[Collection entries]
·····
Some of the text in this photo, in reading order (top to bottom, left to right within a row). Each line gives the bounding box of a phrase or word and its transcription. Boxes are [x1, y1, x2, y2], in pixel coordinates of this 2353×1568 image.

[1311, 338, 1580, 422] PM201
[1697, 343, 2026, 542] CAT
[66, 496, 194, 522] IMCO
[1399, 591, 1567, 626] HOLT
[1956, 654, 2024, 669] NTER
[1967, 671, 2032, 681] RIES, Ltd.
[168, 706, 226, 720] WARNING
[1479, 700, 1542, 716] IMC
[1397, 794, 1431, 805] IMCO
·····
**Your objective:** Output the records exactly, including every line.

**Solution to the problem:**
Some of the text in this photo, in reading order (top to bottom, left to right within a row). Each line gives the bounding box of a phrase or word and its transcription. Boxes are [x1, y1, x2, y2], in pixel coordinates of this 2353×1568 image.

[1311, 338, 1580, 422] PM201
[1697, 343, 2026, 542] CAT
[66, 496, 194, 522] IMCO
[1399, 591, 1567, 626] HOLT
[1956, 654, 2024, 669] NTER
[1967, 671, 2032, 681] RIES, Ltd.
[168, 706, 226, 720] WARNING
[1479, 700, 1542, 716] IMC
[1397, 794, 1431, 805] IMCO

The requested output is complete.